The MAF review of the domestic milk market in New Zealand is a creamwash – which is to say that if it isn’t a complete whitewash it certainly comes close. It fails to address the central issue of the lack of competition in the domestic market.
In fact it admits it hasn’t even investigated this issue, and therefore ‘cannot comment on whether there is sufficient competition in the domestic market.’
It doesn’t tell us how the price of milk is set. Farmers say they receive less than 30% of the price of milk, but it fails to shed any light on what makes up the other 60%.
These are all valid questions and its time that we had some transparency into how domestic prices are set, and some assurance that supermarkets –or Fonterra- are not putting exorbitant mark-ups on milk.
It does reveal that international price rises are very quick to be passed on, yet very slow to come down domestically, when there is a fall in the price of milk.
The reality is that two main players Fonterra and Goodman Fielder control 95% of the domestic milk market, which means there is effectively no real competition in the domestic milk market. Goodman Fielder, gets all its raw milk from Fonterra, which sets the raw milk price.
And while much is made in the report about how domestic milk prices are ‘intrinsically linked to international prices’ which are trending upwards, it fails to answer the question –why, when milk prices come down globally, the price of milk in New Zealand does not.
It also fails to answer the question, why are milk prices far cheaper in most other countries we trade with?
After pointing out that the ministry doesn’t have the right powers to answer any of the main questions the MAF report then argues against a Commerce Commission inquiry and suggests perhaps a government department may want to further investigate this issue.

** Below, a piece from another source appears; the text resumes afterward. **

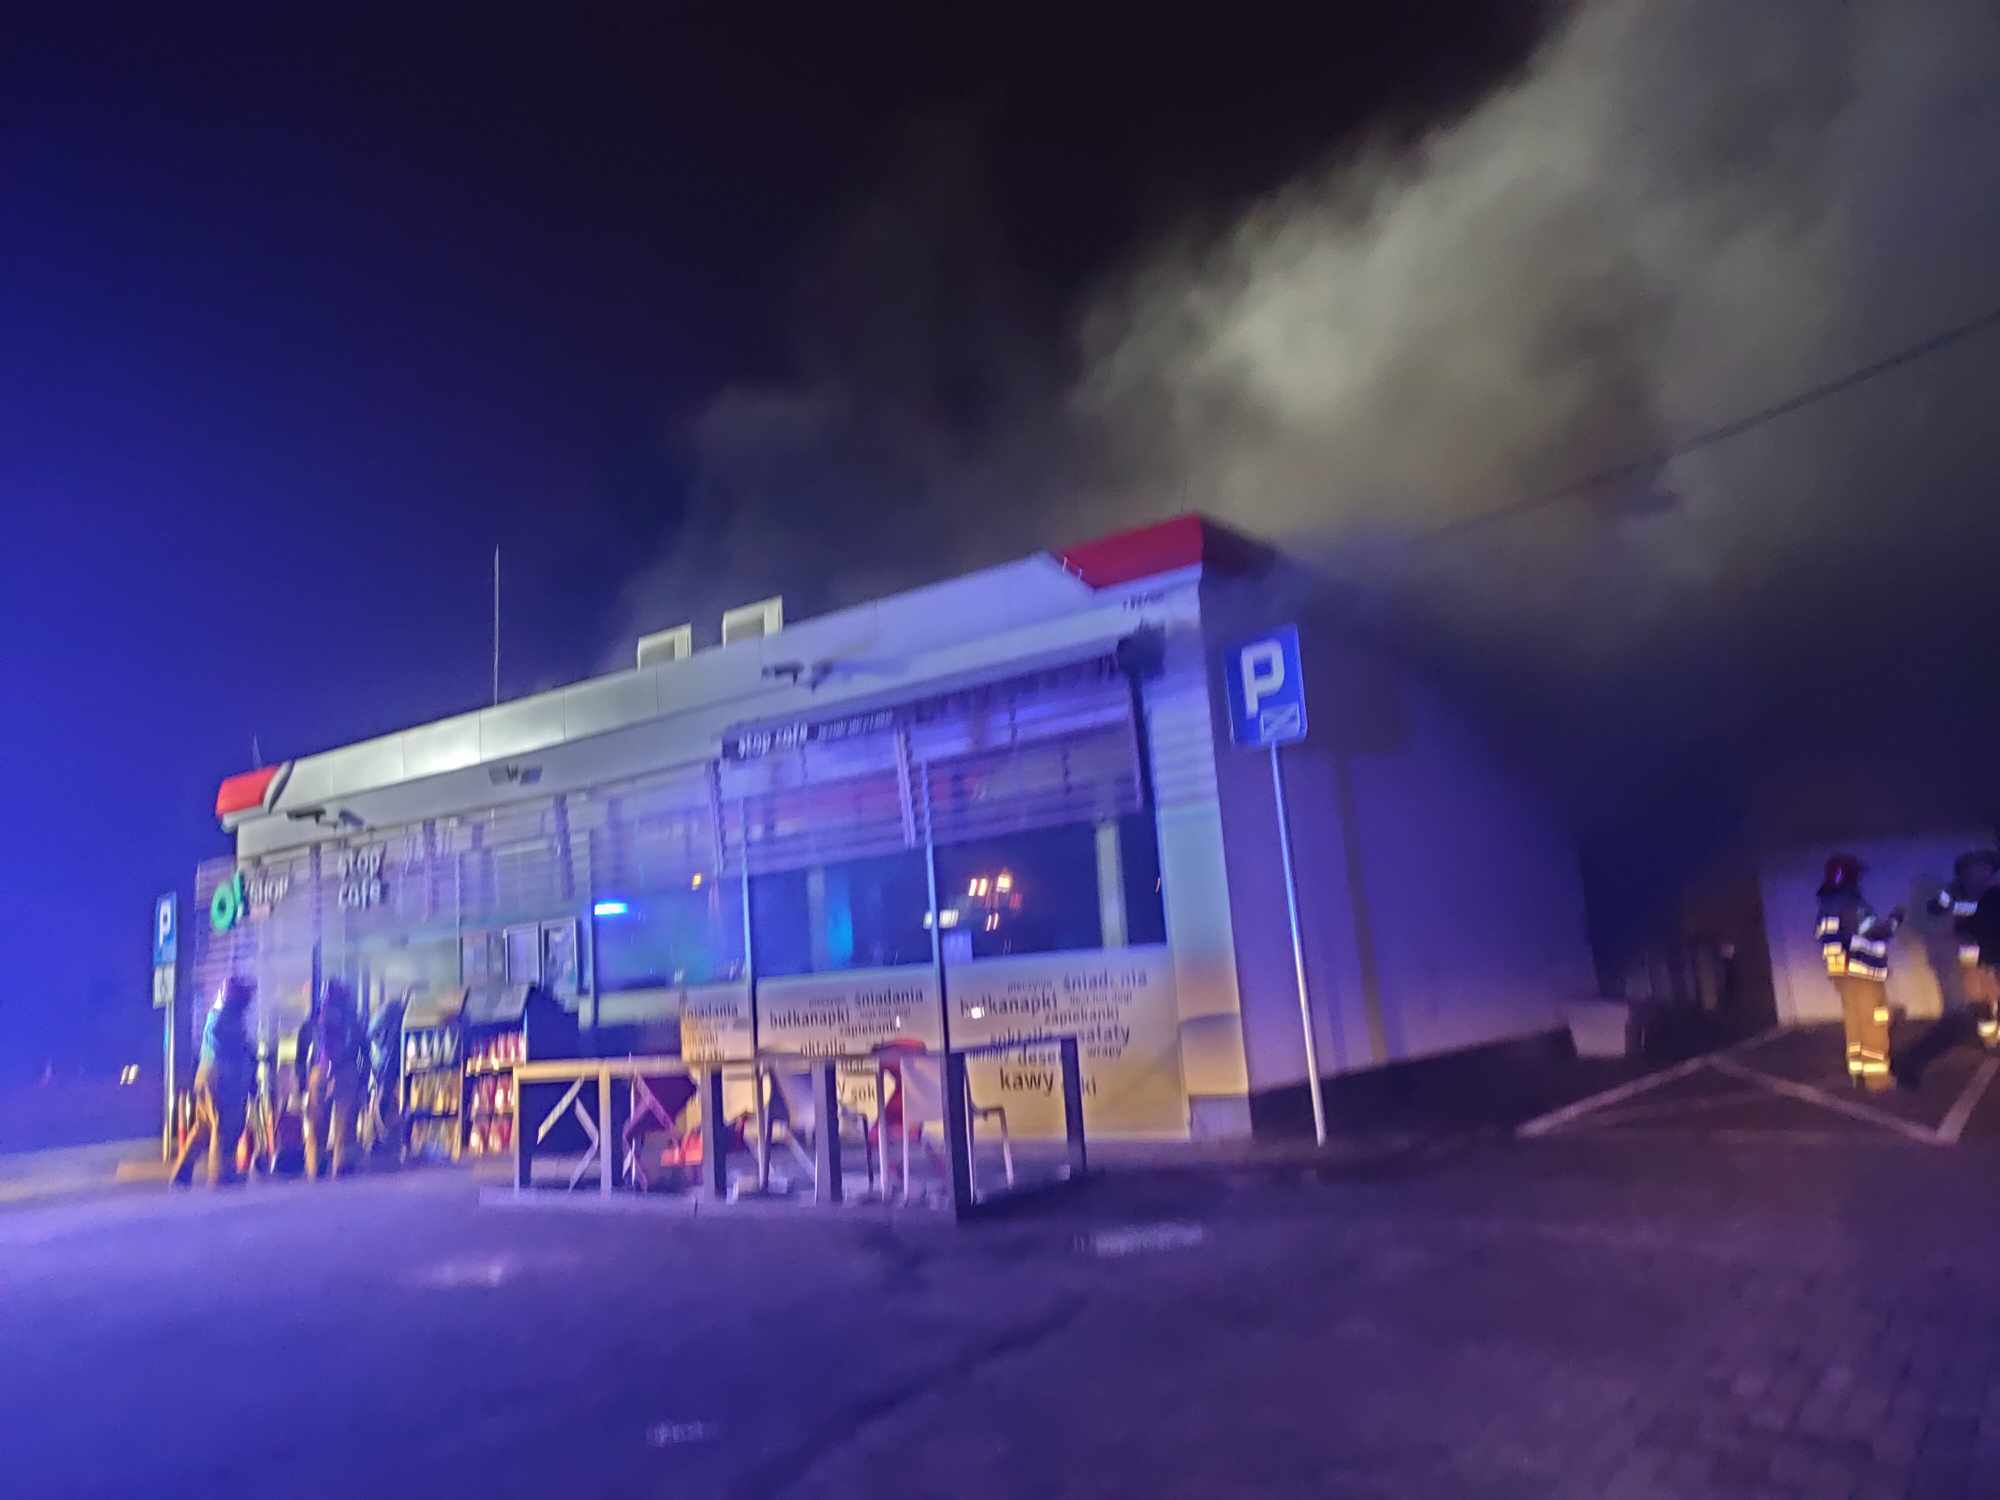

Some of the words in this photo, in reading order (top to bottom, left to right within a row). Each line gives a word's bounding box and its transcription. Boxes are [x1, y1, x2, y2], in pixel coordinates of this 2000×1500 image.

After reading this report I personally disagree with MAF’s assertion and consider it is in fact high time for the Commerce Commission to investigate dairy pricing in New Zealand. This investigation needs to look at how retail prices are set.
The Commerce Commission has extensive powers to investigate the consumer dairy markets and its time it exercised this power to answer the many remaining questions left unanswered by MAF’s report.